- _PROVIDED RECORDS_
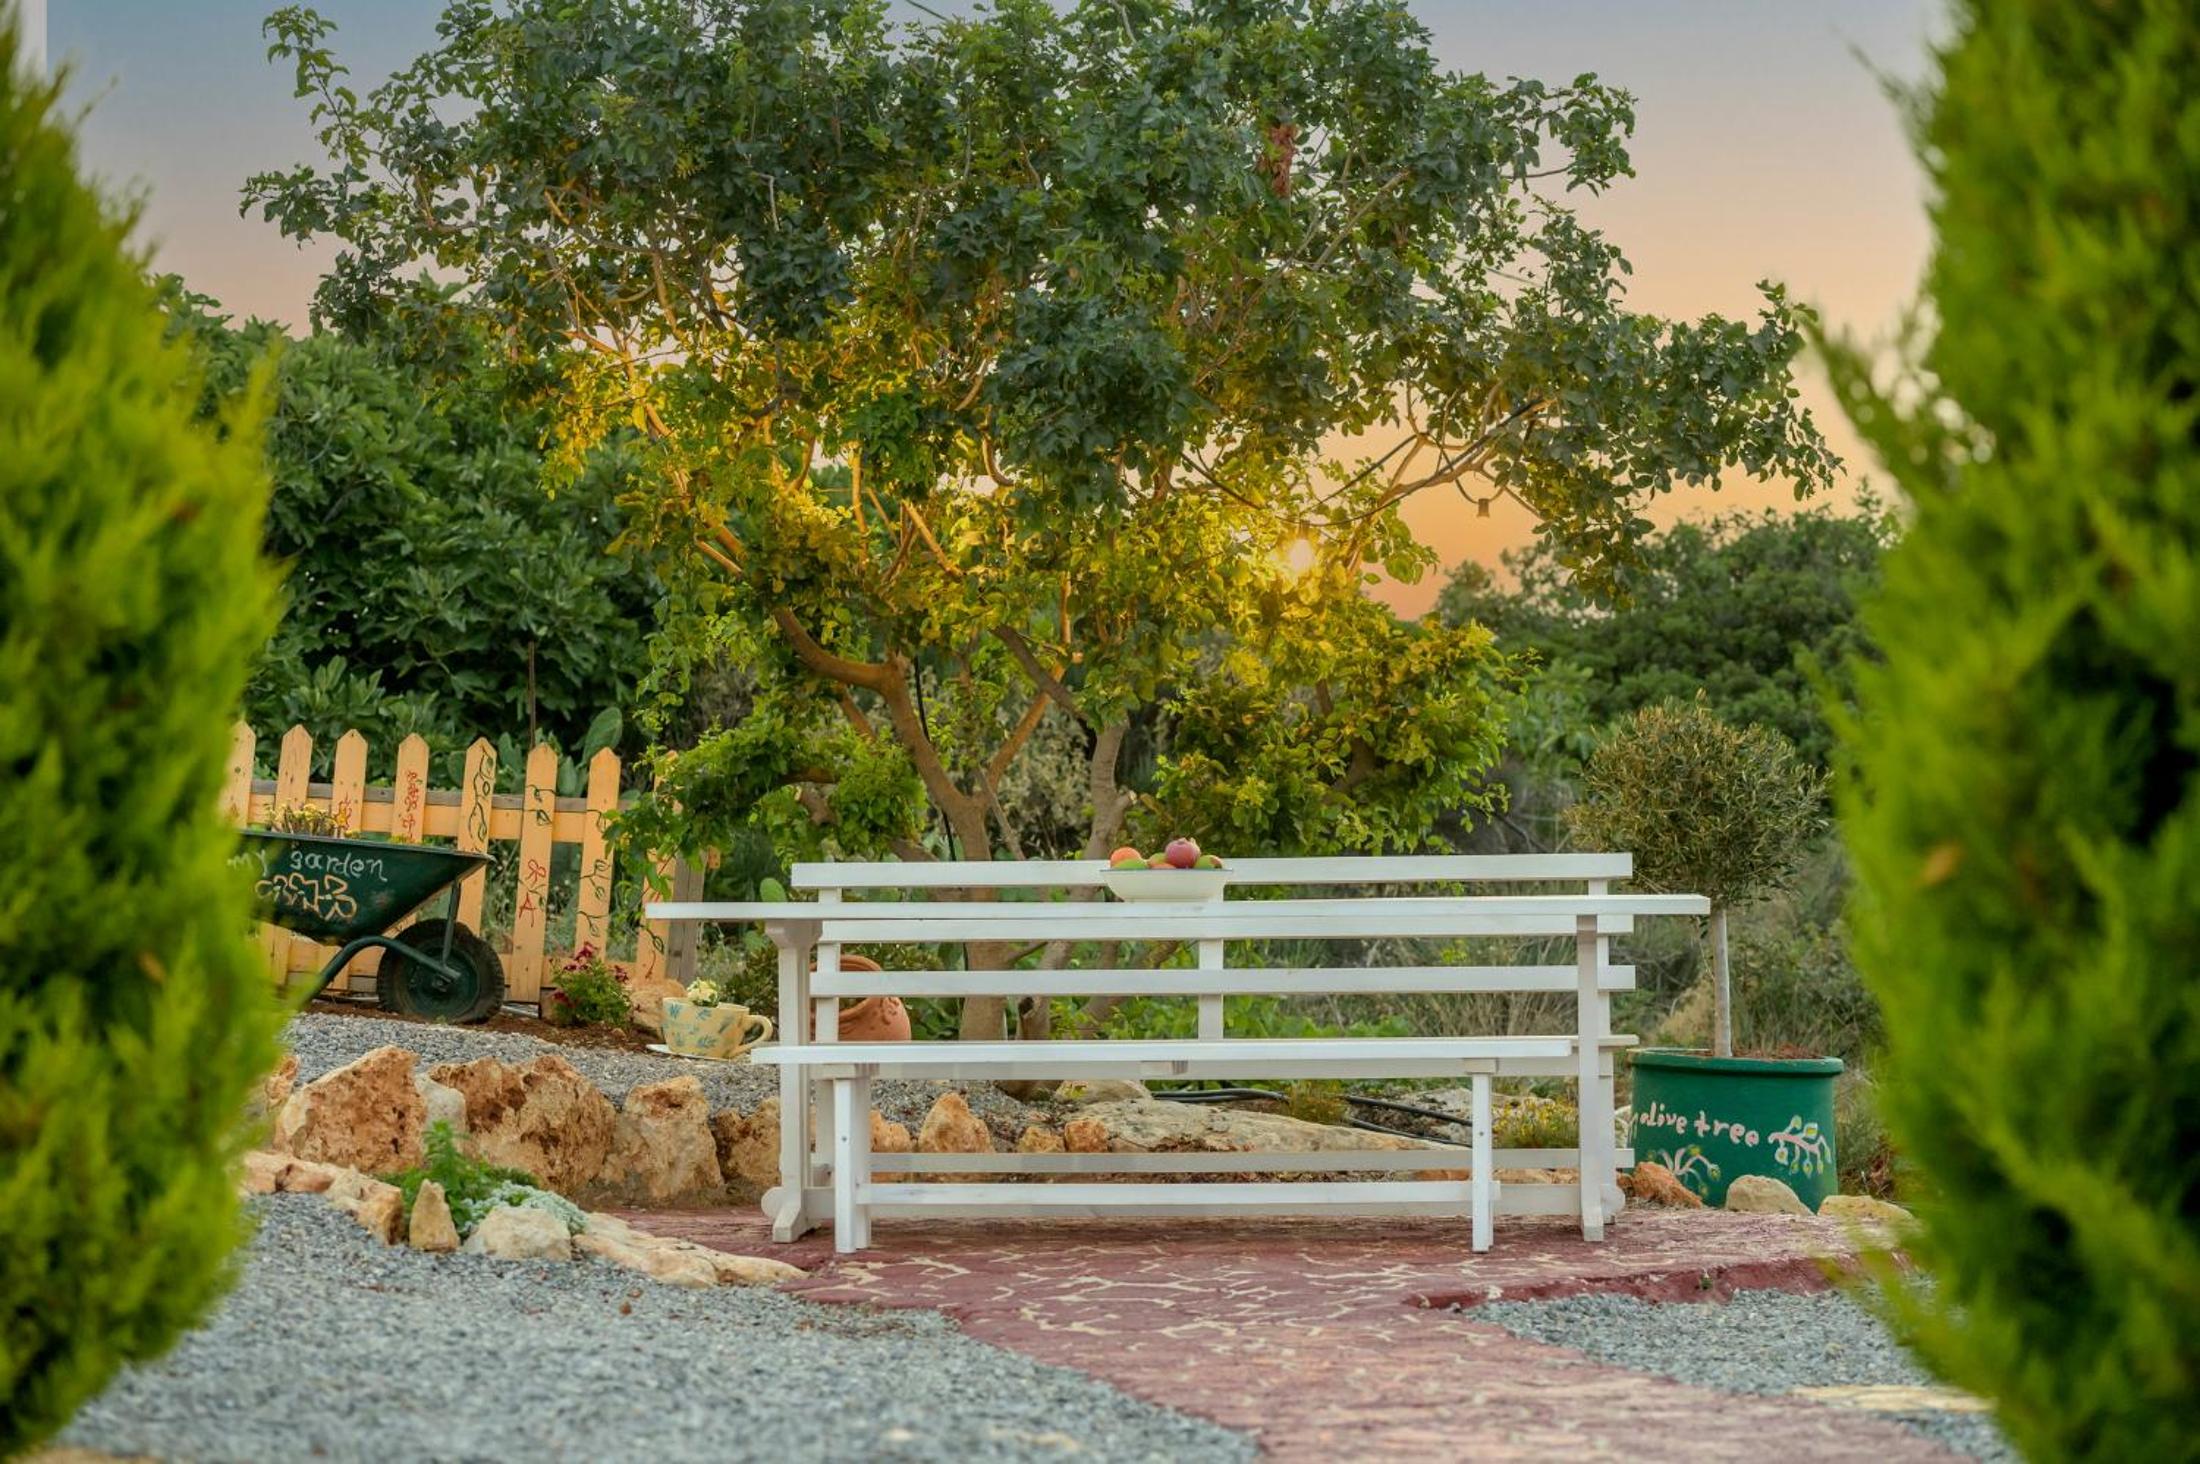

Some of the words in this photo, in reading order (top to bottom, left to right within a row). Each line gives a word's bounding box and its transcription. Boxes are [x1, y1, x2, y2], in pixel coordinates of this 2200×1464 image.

[226, 849, 268, 877] my
[290, 850, 388, 883] garden
[1639, 1100, 1688, 1135] olive
[1693, 1109, 1760, 1148] tree

- _ACTIVITY_
The copy must reproduce the listing above verbatim and contain no pictures.

- _TASK OUTPUT_
Some of the words in this photo, in reading order (top to bottom, left to right within a row). Each line gives a word's bounding box and its transcription. Boxes are [x1, y1, x2, y2], in pixel coordinates of this 2200×1464 image.

[226, 849, 268, 877] my
[290, 850, 388, 883] garden
[1639, 1100, 1688, 1135] olive
[1693, 1109, 1760, 1148] tree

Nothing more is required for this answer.